Dennis J. Rivet, David Jeck, James Brennan, Adrian Epstein and Carl Lauryssen
Object. The authors conducted a prospective study to evaluate the clinical and radiological outcomes and complications associated with uni- and bilateral transforaminal lumbar interbody fusion (TLIF) performed using carbon fiber Brantigan I/F Cages and pedicle screw fixation.
Methods. Forty-two consecutive patients who had undergone uni- or bilateral TLIF between February 1999 and July 2000 were prospectively evaluated. Clinical outcome was graded using a modified Prolo Scale, the McGill Pain Index Scale, a follow-up questionnaire, and charts. An independent radiologist assessed radiological outcomes. All patients were followed for at least 1 year.
Based on Prolo Scale scores, an excellent or good 1-year outcome was achieved in 73% of patients; 90% of patients responded that they would undergo the procedure again. At 1 year, radiographic fusion was demonstrated in 74% and was statistically related to clinical outcome (p < 0.05).

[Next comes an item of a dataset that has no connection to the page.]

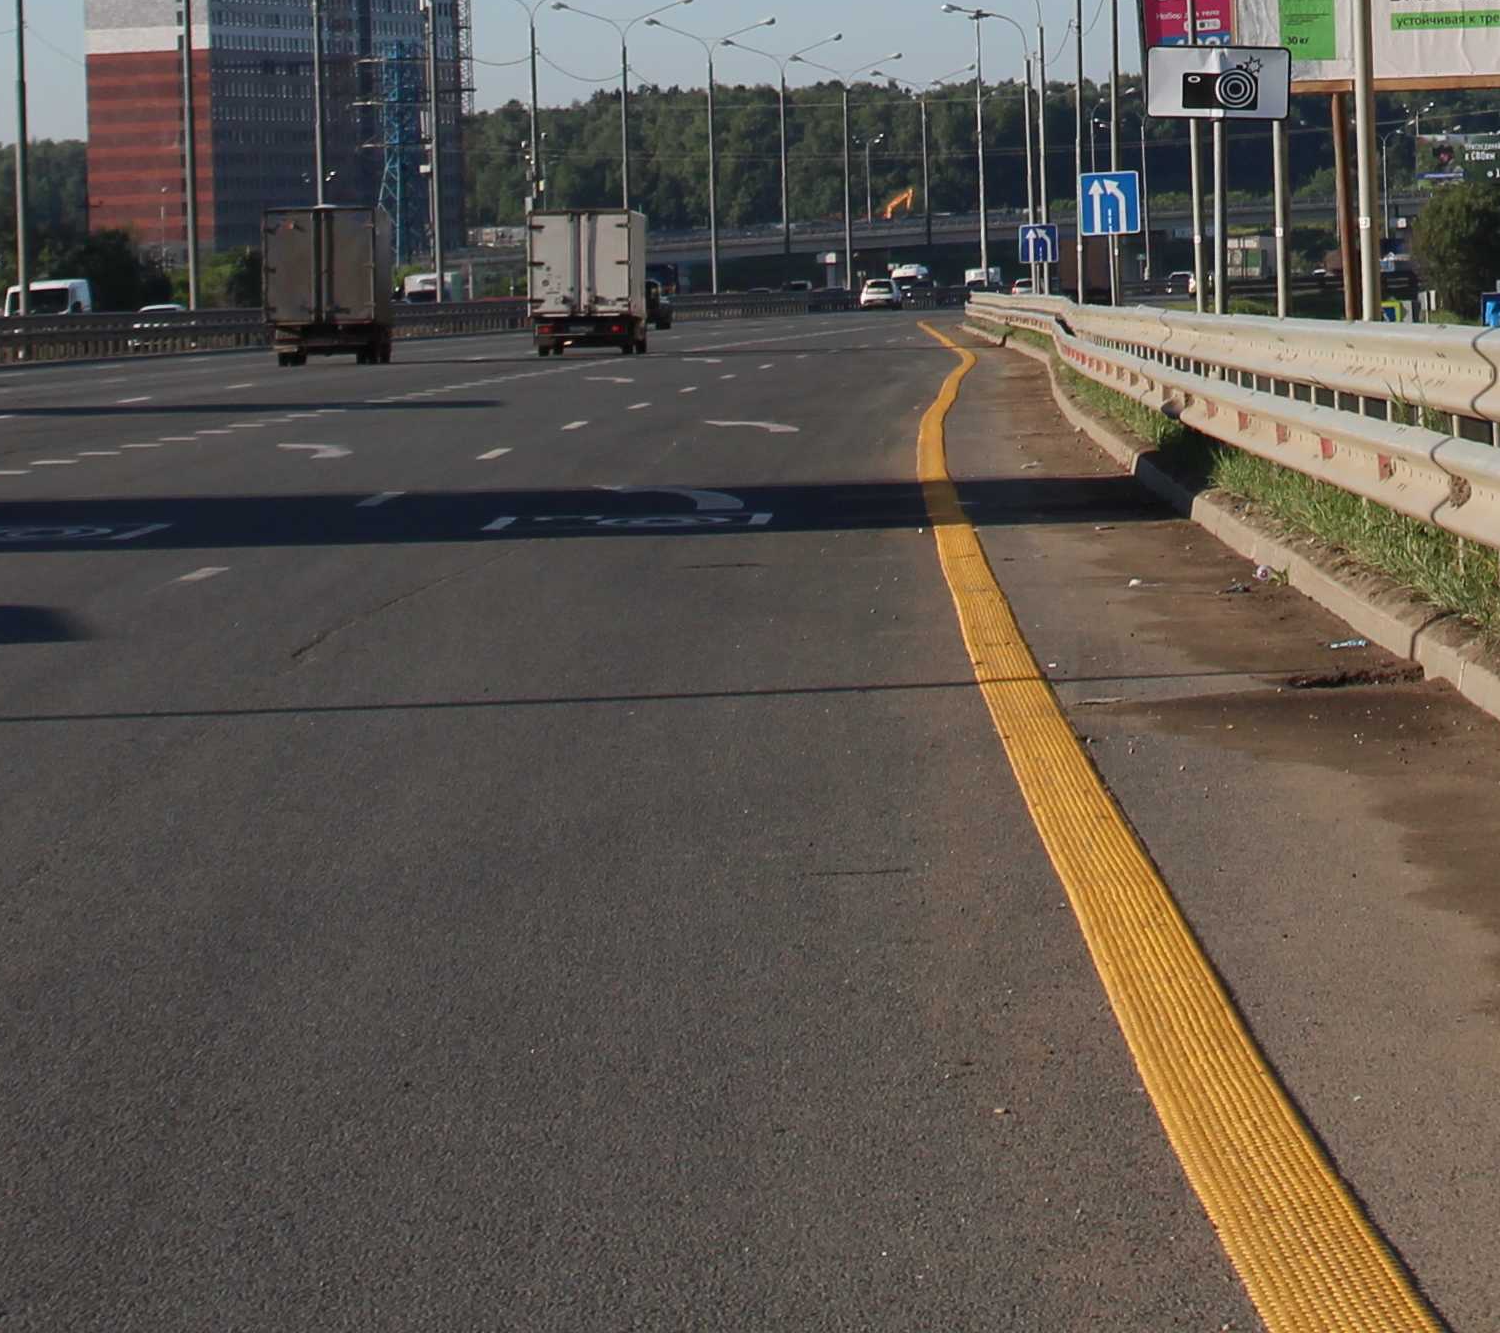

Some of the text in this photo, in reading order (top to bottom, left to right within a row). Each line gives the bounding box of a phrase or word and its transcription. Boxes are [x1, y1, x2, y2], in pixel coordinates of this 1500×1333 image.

[1395, 13, 1466, 29] устойчивая
[1469, 15, 1477, 24] к
[1287, 36, 1298, 46] 30
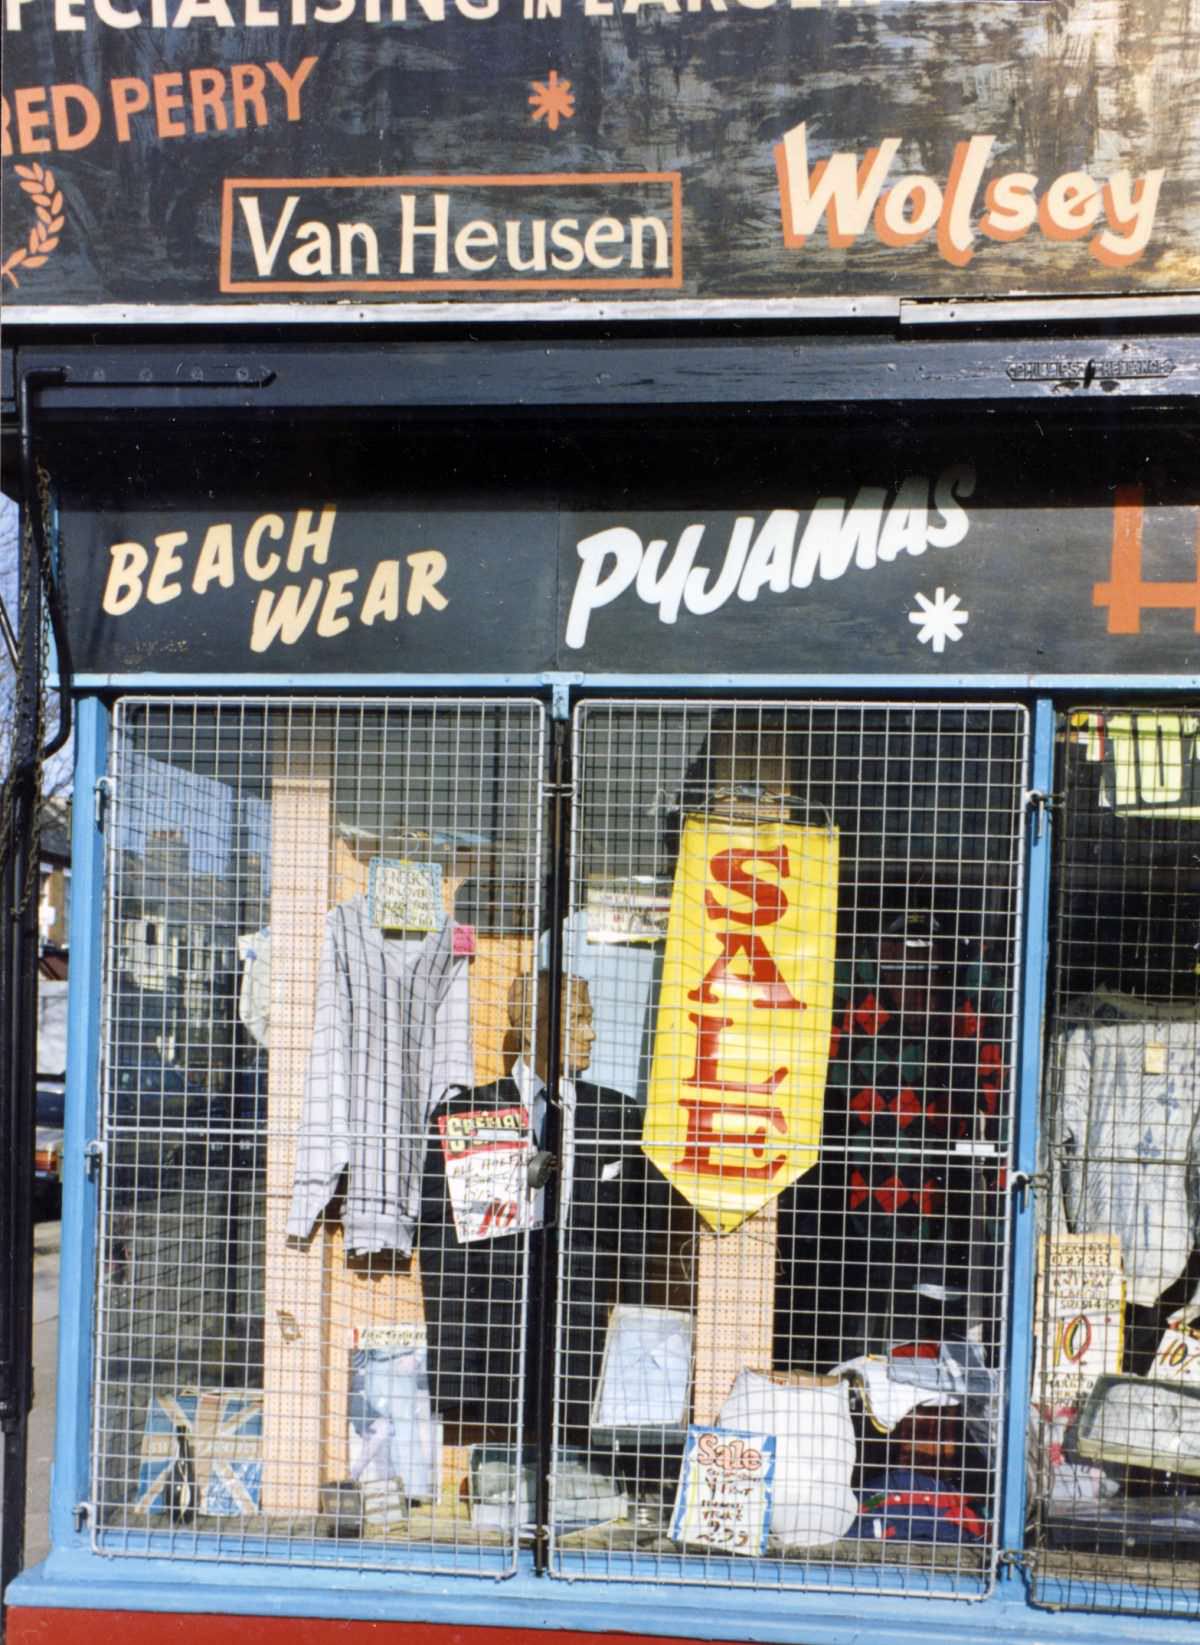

There were no deaths or major hardware failures. Complications requiring repeated surgery included one case of cerebrospinal fluid (CSF) leakage and one case in which the hemovac drain was retained. There were four cases involving minor wound infections, eight involving CSF leaks, and none requiring repeated surgery. On routine follow-up radiography one pedicle screw was found to be broken; the patient remained asymptomatic and fusion occurred.
Conclusions. Unilateral and bilateral TLIF involving placement of carbon fiber cages and pedicle screw fixation are effective treatment options in patients with indications for lumbar arthrodesis. The procedures result in acceptable rates of fusion and clinical success, and a minimal incidence of morbidity when performed by an experienced surgeon.